Я никогда не узнаю, что же на самом деле произошло. Наша группа направлялась к экскурсионному автобусу. Я сказал маме, что пойду поищу фонтанчик с питьевой водой. Нынешние Помпеи выглядят как координатная сетка окаменевшей памяти — узкие улицы, уставленные домами без крыш. Я свернул на ближайшую улицу, и она привела меня к фонтану. Дальнейшее походило на мираж: я помню, как положил рюкзачок на скамью в нескольких метрах от источника, как утолил жажду и подставил голову и плечи под тепловатую воду. Потом повернулся к широкой скамье из розового гранита, на которой мгновение назад лежал мой рюкзачок, но его там не было. Я стоял один посреди того, что было некогда римским городом наслаждений. Тщетно я искал хоть намек на мой ярко-синий рюкзачок, который был столь заметным на блеклых камнях Помпеев.
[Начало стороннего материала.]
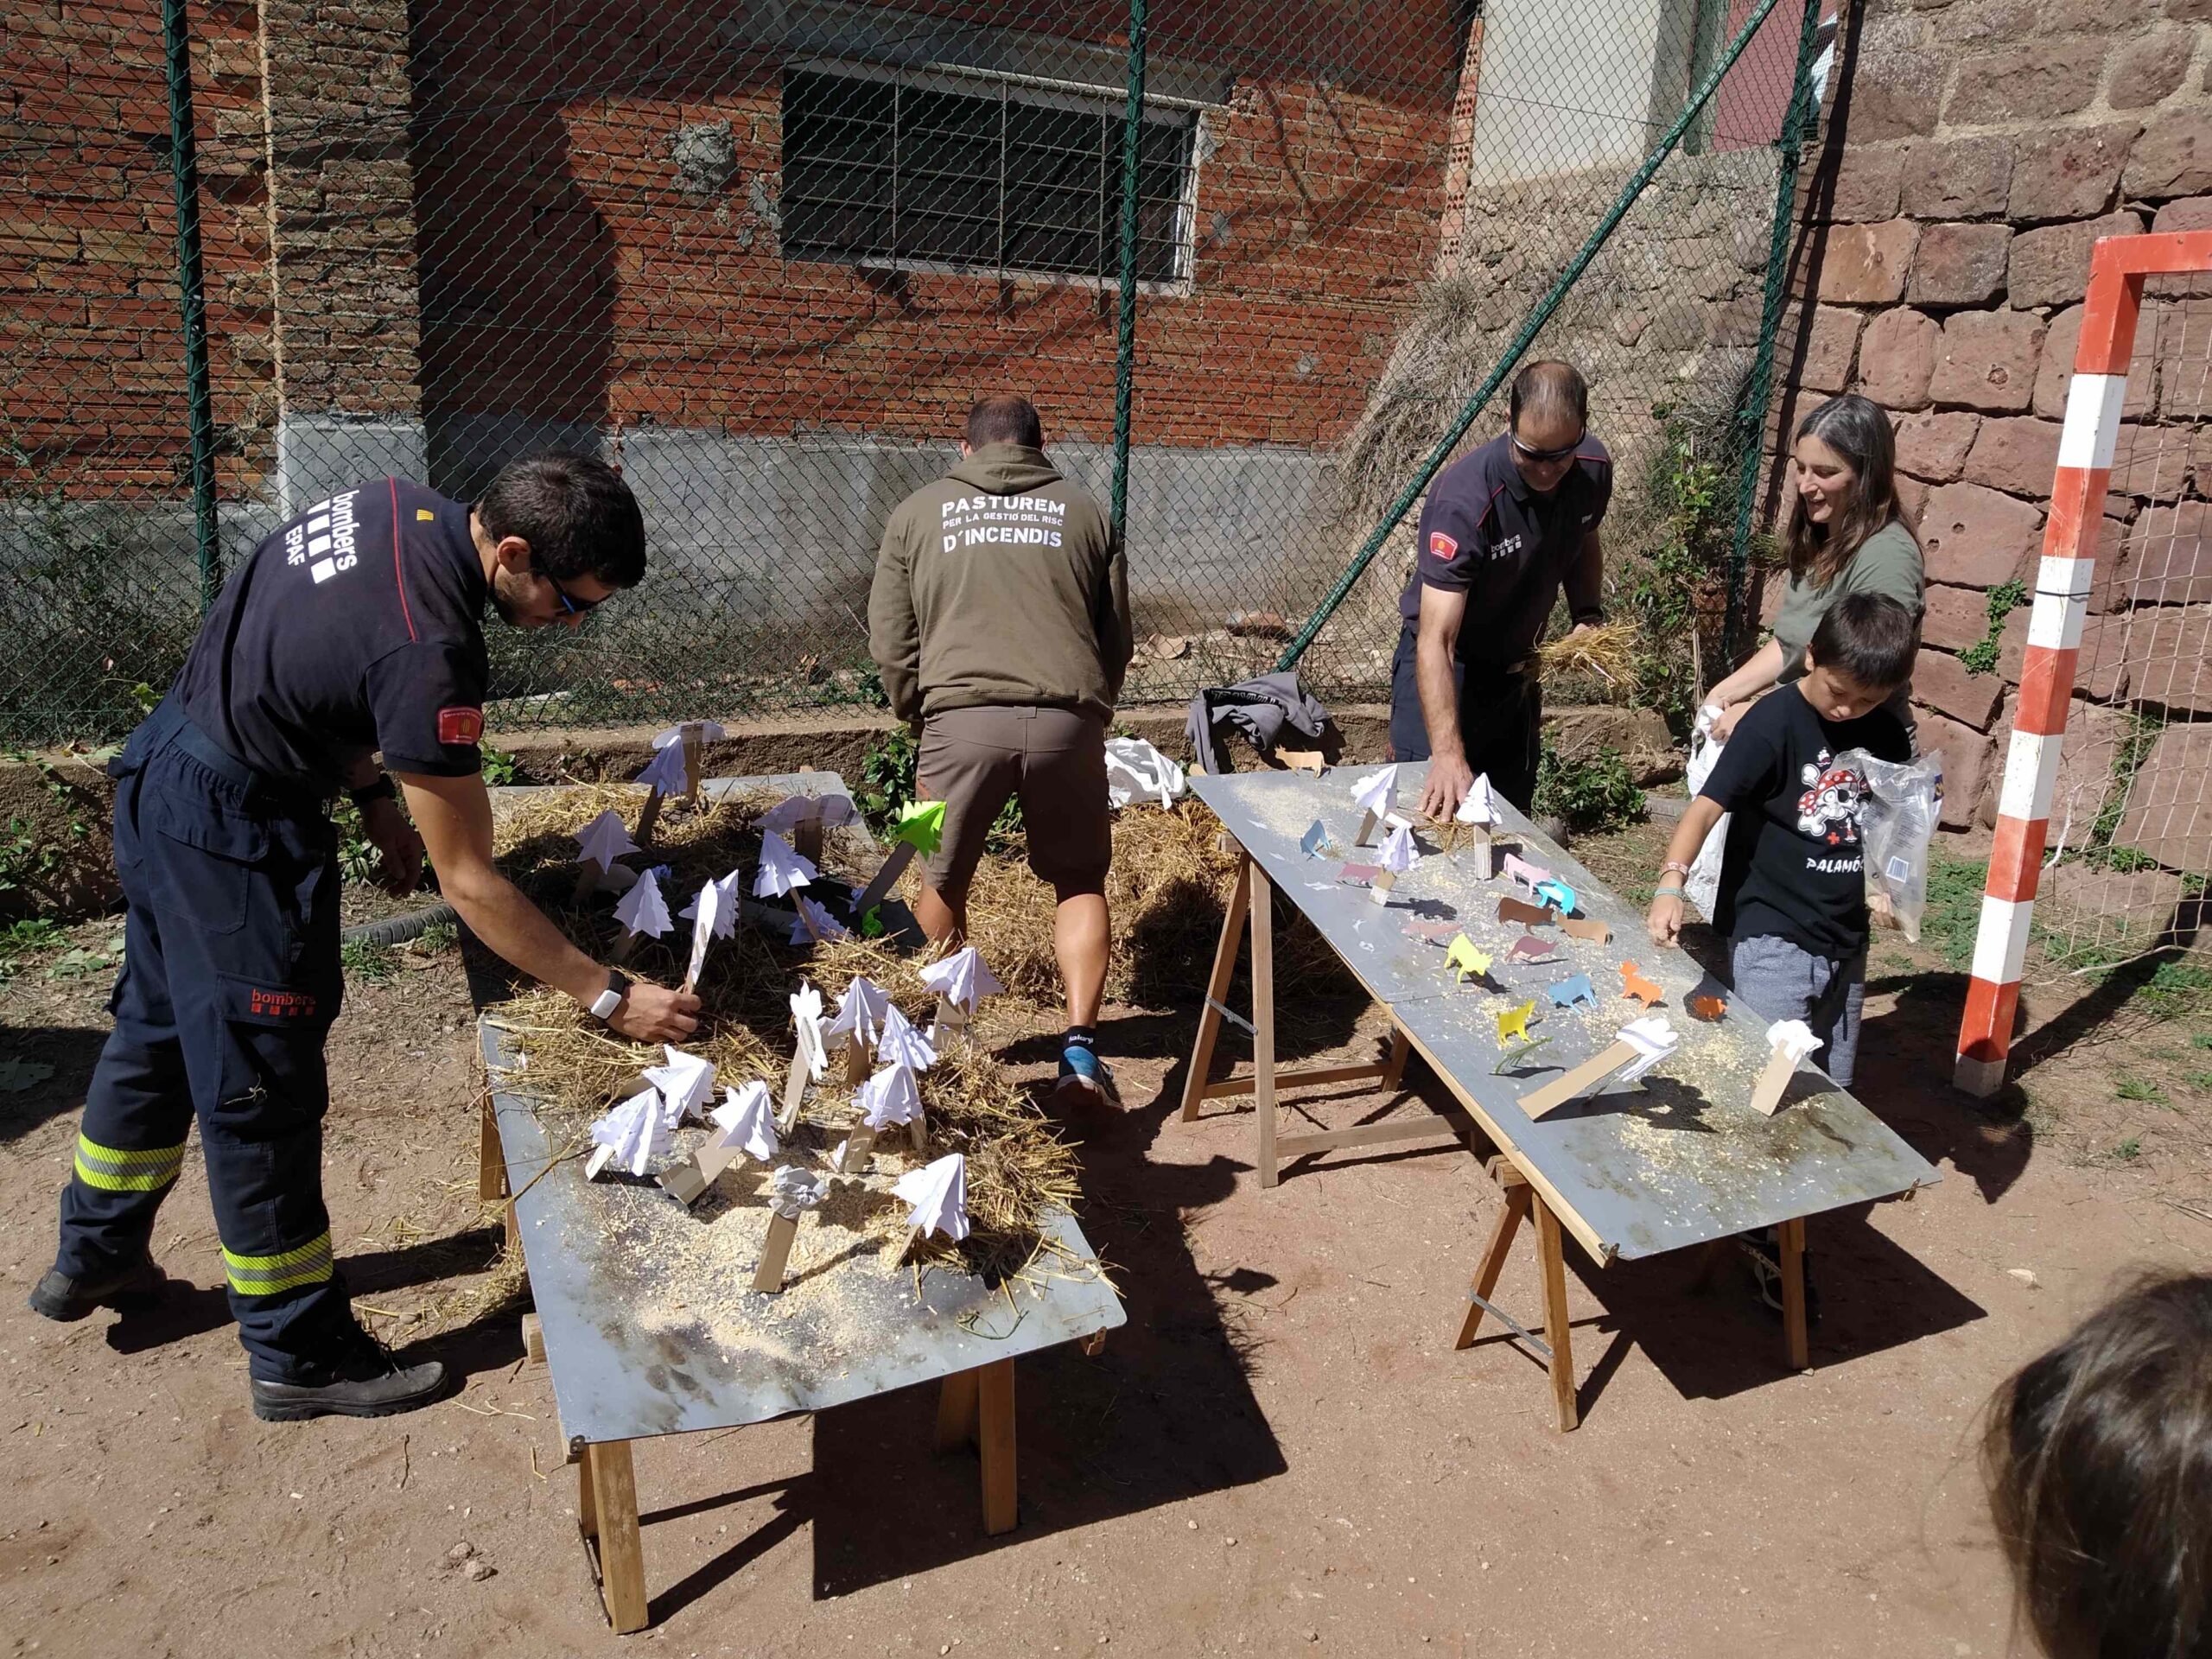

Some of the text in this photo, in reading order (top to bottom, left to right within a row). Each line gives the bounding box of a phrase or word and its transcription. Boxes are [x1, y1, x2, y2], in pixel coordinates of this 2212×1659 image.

[942, 496, 1066, 518] PASTUREM
[332, 490, 359, 570] bombers
[943, 518, 962, 530] PER
[965, 513, 980, 523] LA
[983, 512, 1019, 521] GESTIÓ
[1041, 515, 1063, 526] RISC
[286, 524, 305, 565] EPAF
[252, 988, 316, 1005] bombers
Только послеполуденное небо южной Италии синело над головой — густая синева, растворяющая все и вся вокруг.
Что было делать? По какой бежать улице в этом лабиринте крошащихся стен? Я начинал сомневаться, в своем ли я уме. Может, я оставил рюкзачок в Амфитеатре? В Доме Трагического Поэта или в Доме Фавна? На Форуме? В Храме Юпитера? Пытаясь сориентироваться, я метался взад и вперед. Я старался вспомнить хоть что-нибудь, от чего можно было бы плясать, — фреску, фаллический барельеф, мусорный бак — любой ориентир. Теперь все помпейские дома казались мне одинаковыми, все люди с фресок — на одно лицо: козловидные существа с грязными кудрявыми гривами. Но в панике, обуявшей меня, я, однако, помнил, что опаздываю, что набитый людьми автобус ждет меня на стоянке. И я побежал что было сил. Бедная моя мама восприняла новость стоически. Но в собратьях-беженцах никаких признаков сочувствия не наблюдалось. Похоже, всю свою способность к сочувствию они оставили за турникетом советского паспортного контроля.
— Хватит уже, — рявкнул мне в лицо настройщик из Минска. — Мы уже опаздываем в Сорренто. (Как будто в Сорренто можно опоздать.)
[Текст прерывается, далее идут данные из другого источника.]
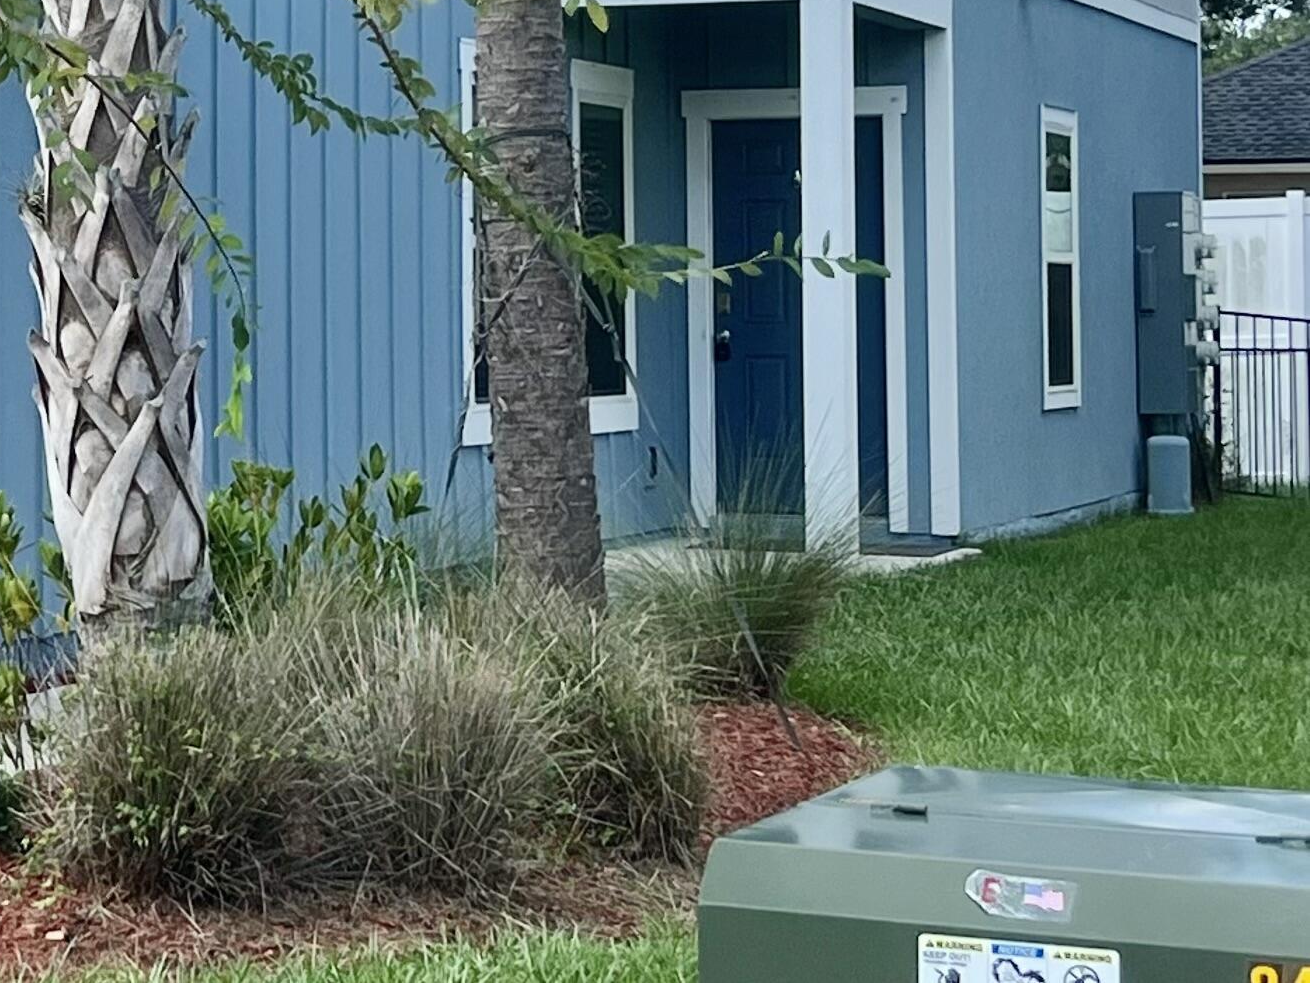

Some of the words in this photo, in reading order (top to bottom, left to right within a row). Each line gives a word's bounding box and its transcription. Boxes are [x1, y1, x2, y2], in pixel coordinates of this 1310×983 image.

[936, 940, 983, 951] WARNING
[998, 944, 1037, 957] NOTICE
[922, 950, 947, 959] KEEP
[1063, 951, 1112, 963] WARNING
— Не видать вам больше вашего рюкзачка, — проурчал дантист из Пинска. — В Америке купите себе новый.
— Теперь мама тебя отшлепает? — поинтересовалась путешествовавшая с глуховатой бабушкой пятилетняя девочка из Двинска.
Я стал упрашивать Анатолия Штейнфельда, которого жулик Ниточкин назначил старшим экскурсоводом тура, дать мне хоть немного времени.
— Десять минут, — выдавил он сквозь гнилые зубы. Штейнфельд бросил триумфальный взгляд в сторону моей мамы, которая сидела в глубине автобуса, прижимая руки к вискам. Как шакал, жаждущий отведать жар-птицу, Штейнфельд все еще на расстоянии вожделел мою маму, хотя после недавней экскурсии по северу Италии боялся это выказывать. Теперь он выражал свою похоть к чужой жене через открытую враждебность ко мне, ее сыну.